Francesca D'Angelo, Dir, Information Management Commercial Offering
Jul 06, 2020

The race is on among life science companies to use artificial intelligence (AI) to turn big data into big competitive advantages. Early applications suggest that these tools can help decision makers find the right audience for their therapies, forecast future sales more accurately and run what-if scenarios to discern the optimal paths to market.

Yet there are several hurdles that stand in the way of immediate results. First, the increasing volumes, velocities and varieties of data from both internal and external data sources are often housed in multiple systems and applications throughout the enterprise. Second, data models that are most useful to AI require extensive experience and access to historical customer and industry data to properly build.

Another significant roadblock is very familiar to data scientists yet often overlooked by executive decision makers: preparation. According to a recent survey by Forbes, data scientists spend nearly 80 percent of their time preparing data for use in modeling. 1 That’s astounding, considering (1) the expense in time and human resources these processes represent and (2) the urgency companies have to generate actionable insights that might have a positive impact for their customers and shareholders alike.

Awareness has been growing about the need for data warehouse solutions that unify previously siloed data. When data is scattered across different applications, companies don’t have a complete view of the domains in which they operate. Without a process or system in place to unify it, that fragmented data can frustrate decision making and impede key business goals such as sales productivity, marketing campaign effectiveness and compliance. It is important to note the extent to which companies have been investing in data – from both internal sources and trusted third parties – to build the models needed.

An edge can be gained, however, by ensuring that the data warehouse solution a company invests in is able to cut preparation time down significantly, freeing up data scientists to engage in higher-value tasks. The way in which data is structured and stored can significantly reduce preparation time and speed time to analysis and insight.

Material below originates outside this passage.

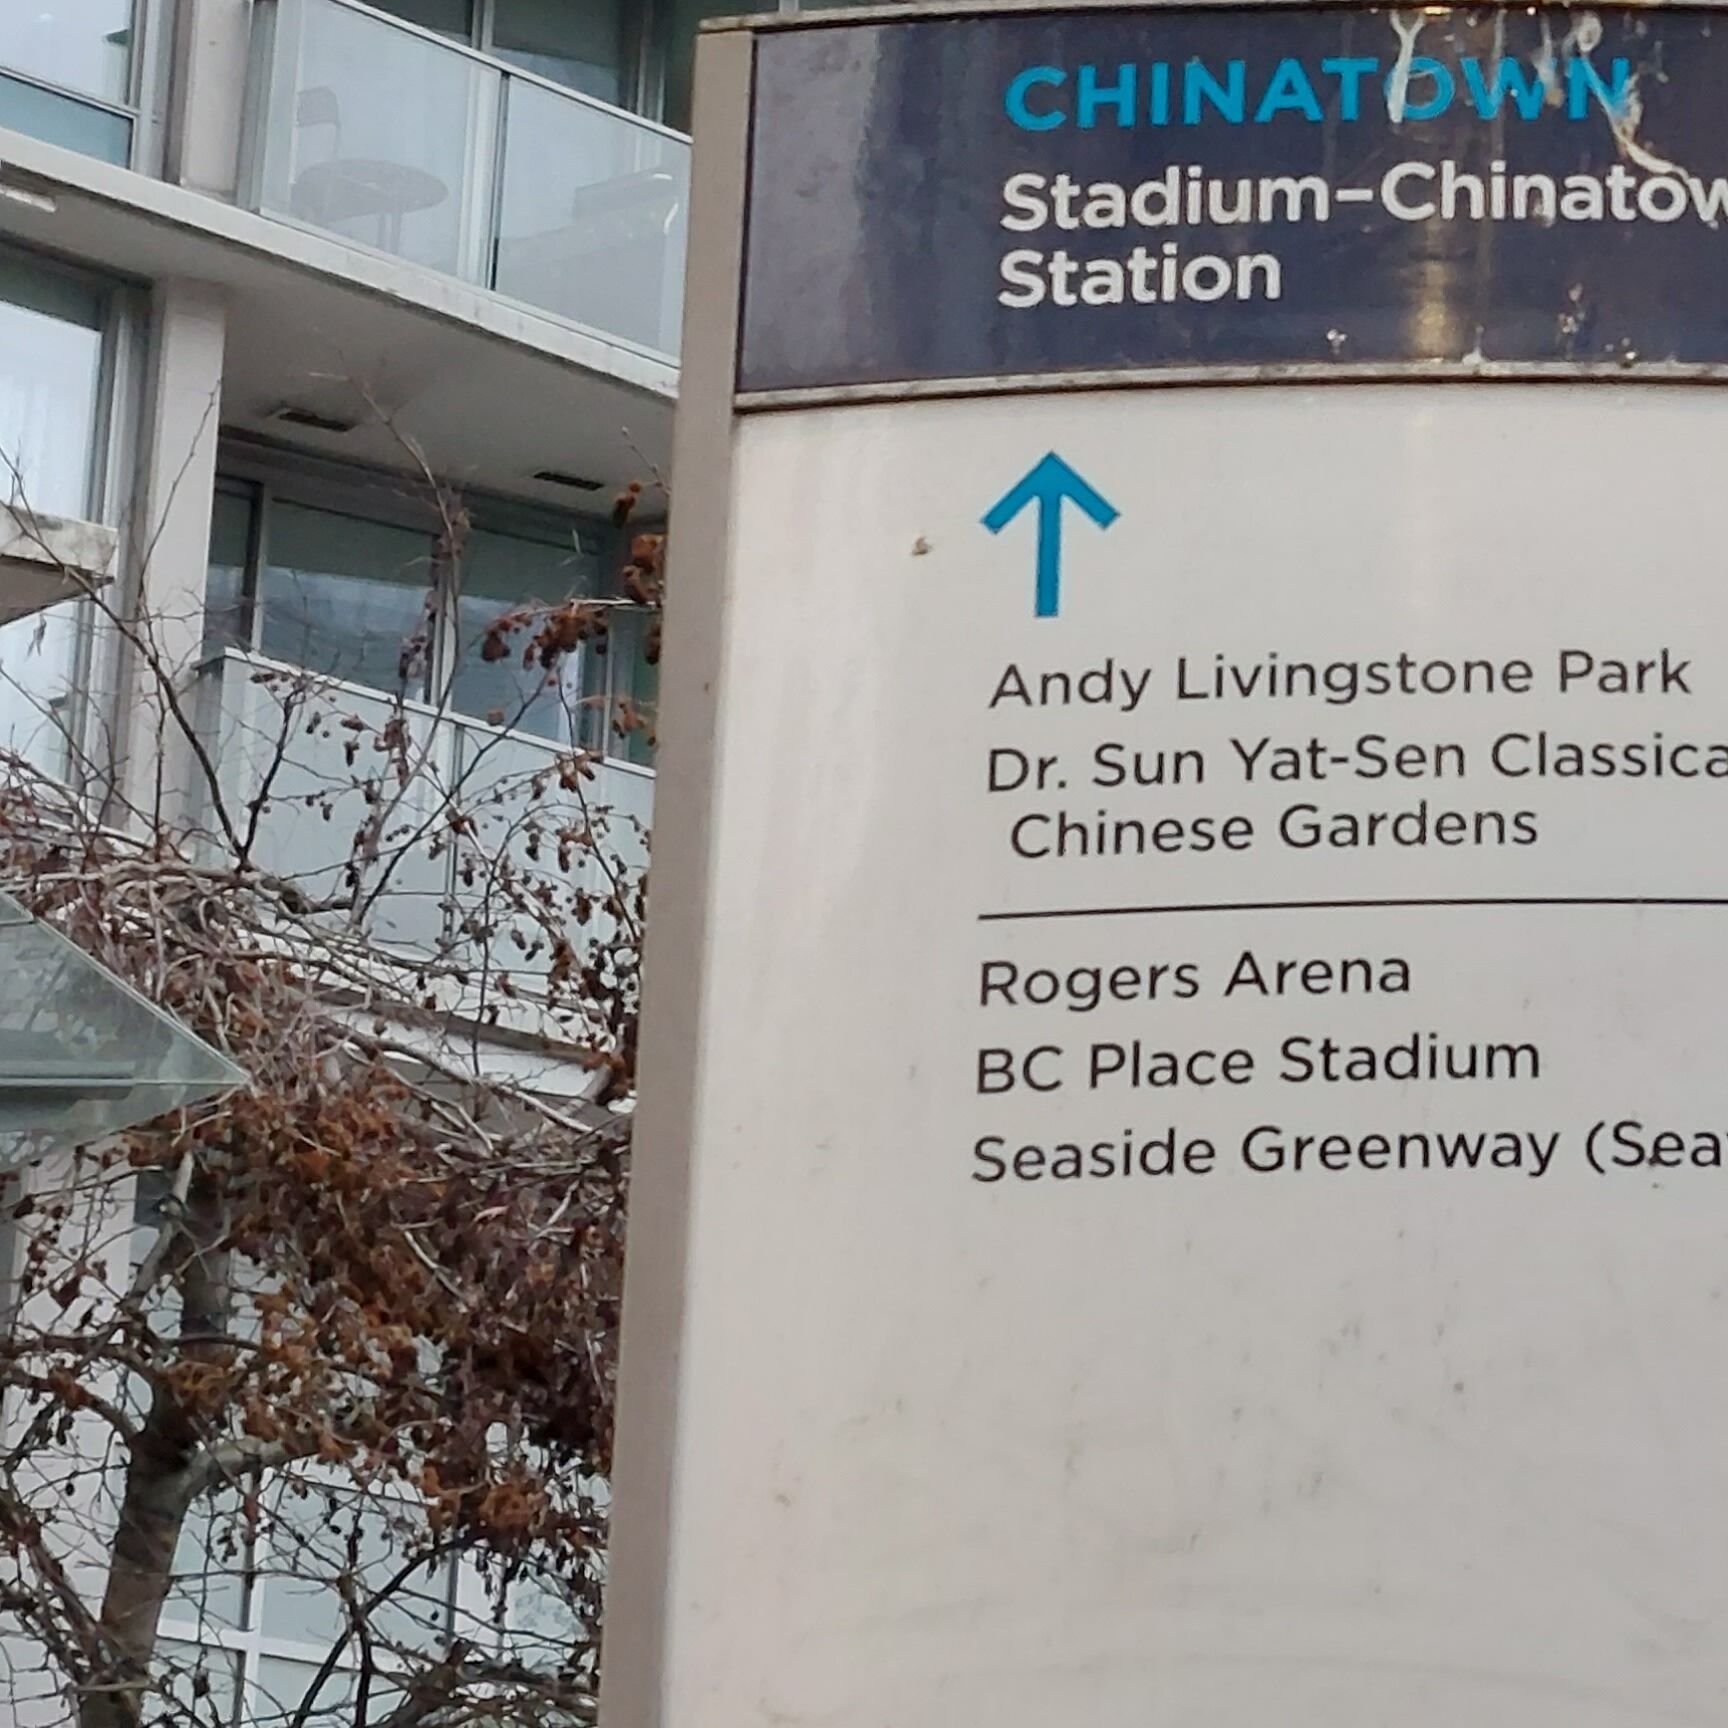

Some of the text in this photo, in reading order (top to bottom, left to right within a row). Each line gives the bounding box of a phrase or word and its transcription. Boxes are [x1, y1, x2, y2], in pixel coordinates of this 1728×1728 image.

A data warehouse solution that is purpose-built for the life science industry will combine prebuilt models based on commonly used data sets with the flexibility to easily customize new models to fit unique needs and the continuously changing landscape.

The more data AI tools are fed, the more powerful they become. So a data warehouse must be easily and highly scalable to accommodate more information from additional sources without the need to disrupt ongoing work. Premium data warehouse solutions will even decouple the ability to compute from the ability to store data. This results in zero impact on computation capability when adding memory. An added benefit is an increase in productivity of a company’s data science teams while leveraging the advances of secure cloud technology.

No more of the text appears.